業界のこと。一般の方々でもいろんなことを知っている。広告代理店。タレント事務所。視聴率。スポサー。バラエティ番組等でタレントがあれこれ話すことで広まったのだと思える。肖像権のことも知っている人増えている。が、意外に知られていないのは宣伝広告だ。何度も書いたが、驚くほど知らない人が多い。特に地方に行くとそれを感じる。

地方映画を作る際に地元で何度もレクチャーをするのだけど、撮影については皆さん興味を持って勉強してくれる。が、映画完成後の宣伝については、考えたこともない! 存在さえ知らないということが多い。前にも書いたが、テレビを付ければCM。新聞には広告。街を歩けばポスターが溢れている。

なのに、それらがどのように作られ、どのように展開し、どんな効果を持つのか? 興味さえ持たない人が多いことに驚かされる。大手企業は毎年何百億円という宣伝費を使っていることも意外に知られていない。

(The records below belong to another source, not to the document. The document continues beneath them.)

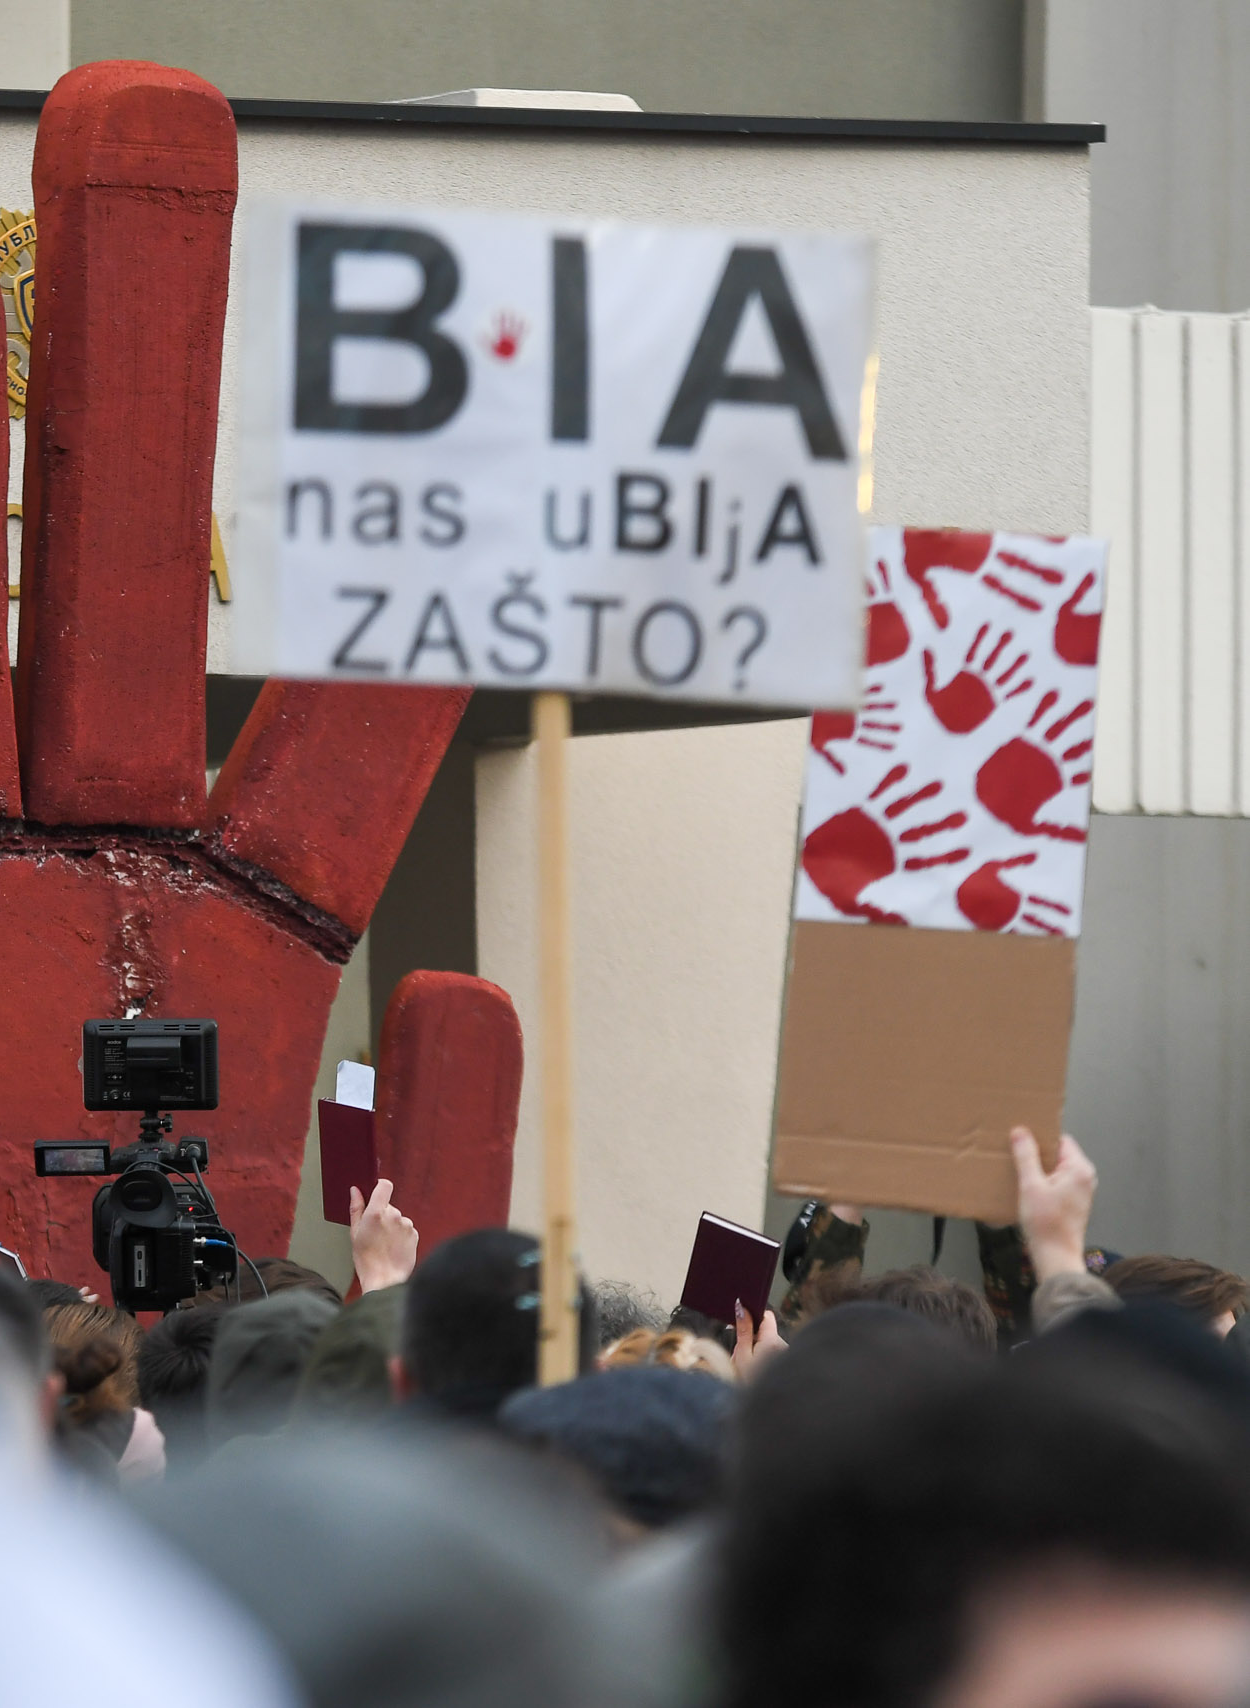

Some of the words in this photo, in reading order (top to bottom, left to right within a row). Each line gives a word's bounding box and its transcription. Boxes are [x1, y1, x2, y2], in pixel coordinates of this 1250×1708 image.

[292, 220, 851, 463] BIA
[284, 475, 467, 548] nas
[543, 470, 822, 586] uBIjA
[330, 569, 769, 690] ZAŠTO?
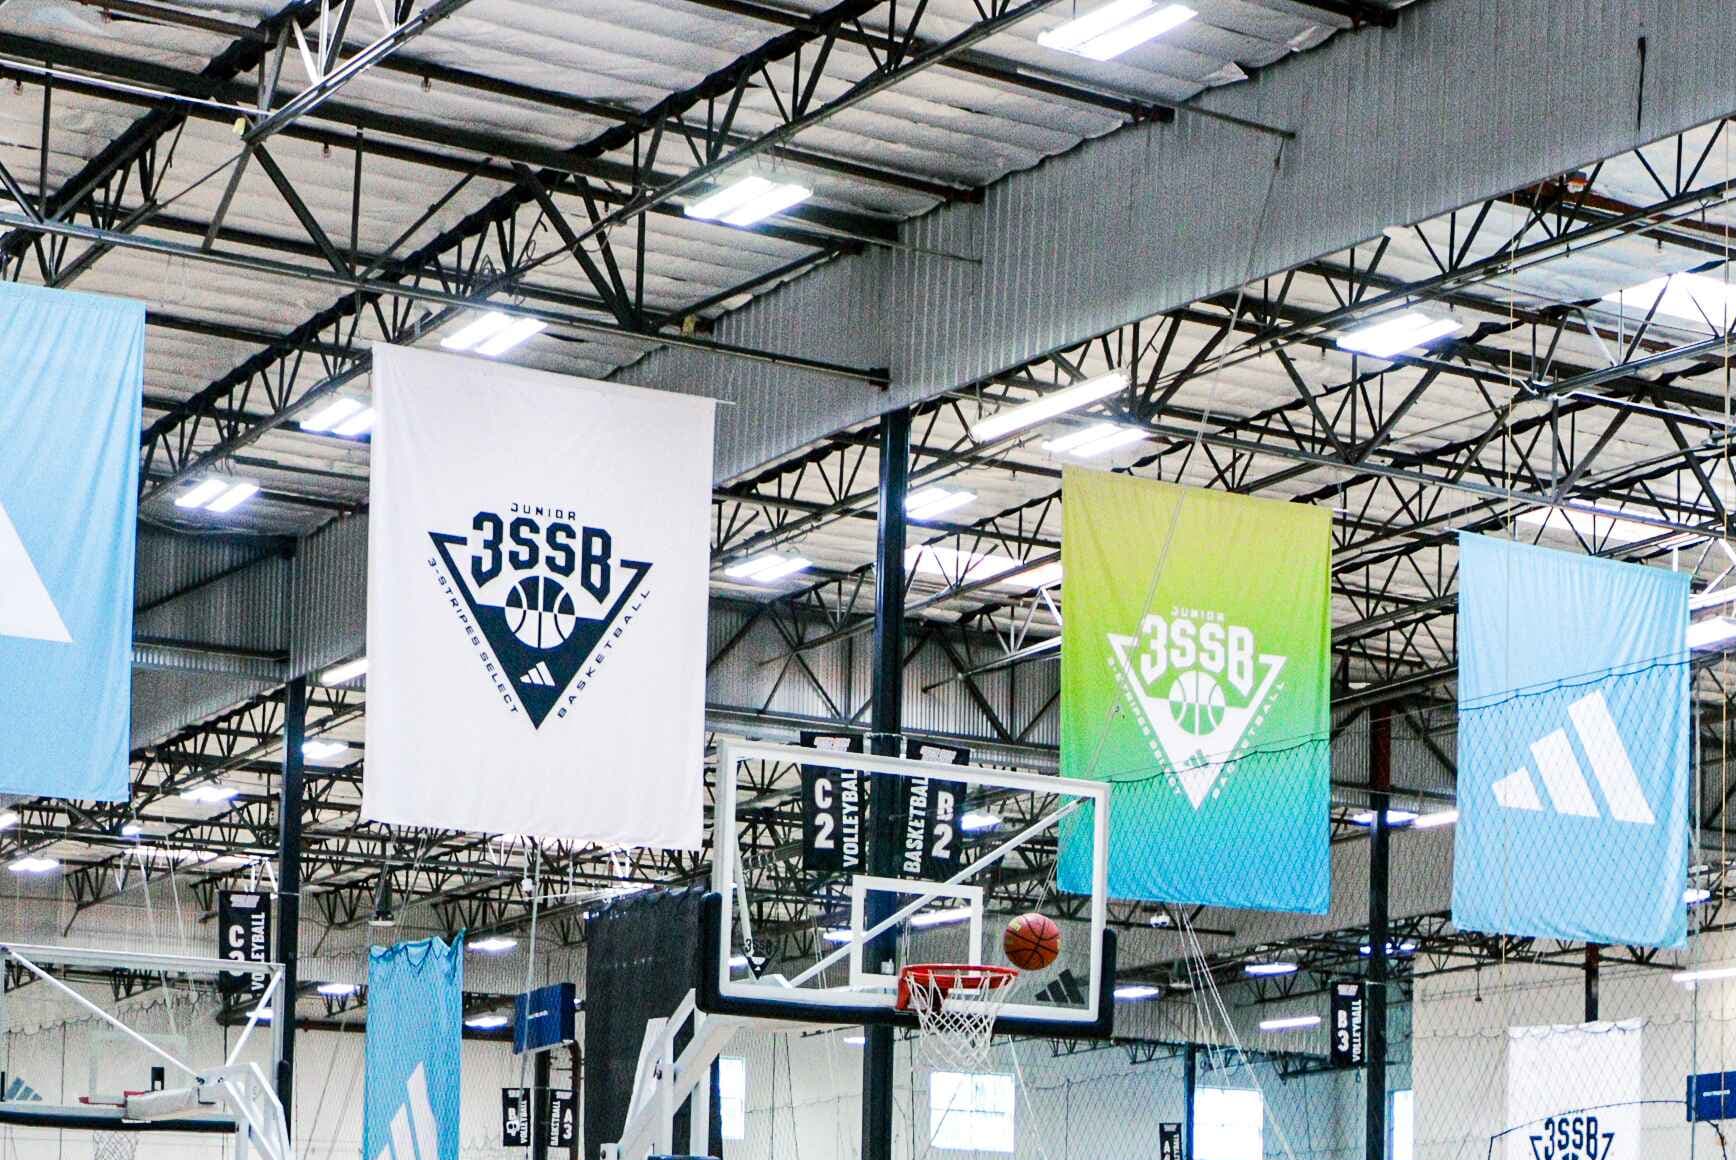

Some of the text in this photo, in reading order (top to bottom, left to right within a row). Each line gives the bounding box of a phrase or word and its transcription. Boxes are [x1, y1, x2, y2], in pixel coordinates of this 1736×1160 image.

[471, 511, 612, 605] 3SSB
[510, 503, 577, 521] JUNIOR
[427, 557, 520, 714] 3-STRIPES SELECT
[557, 589, 651, 719] BASKETBALL
[1140, 613, 1255, 698] 3SSB
[841, 767, 860, 868] VOLLEYBAL
[903, 776, 929, 873] BASKETBAL
[1352, 999, 1362, 1062] VOLLEYBALL

そんな現実とは反対に、地方では宣伝に対して理解がなく、勉強しようという人も少ない。

なぜ、広告の海ともいえる時代に生きているのに、広告に興味を持たないのか? 80年代には糸井重里効果なのか?コピーライターになりたい人が爆発的に増えたことがある。広告代理店といえば、電通というのも知っている人は多いだろう。しかし、「電通ってどんな会社?」と聞くと

「コマーシャルを作っているところでしょう?」

という人が多い。要は宣伝広告に興味があるのではなく、糸井さんみたないカッコいい仕事がしたい。就職するなら大手の電通がいい。みたいな感覚だったのだろう。その時代から30年以上が経つが宣伝広告について、社会には浸透していない気がする。そこに何か理由はあると思うのだけど、僕も偉そうなことは言えず。映画の仕事を始めてから、あれこれ勉強した。

ついにネットの広告収入がテレビのそれを超えたと聞く。時代は動いていく。ネットの方がピンポイントで宣伝できるのが強みだろう。話は前後するが、監督仲間でも宣伝に関しては無頓着な人が多い。監督は映画を作る仕事であり、本来「宣伝」は配給・宣伝が行うものだが、今の時代、そんなことを言ってられない。
なのに、作品が完成すると「次回作は 。。。」なんて言っている。まず、完成作の宣伝だろう?と思うのだが、また、その辺のことも書いてみたい。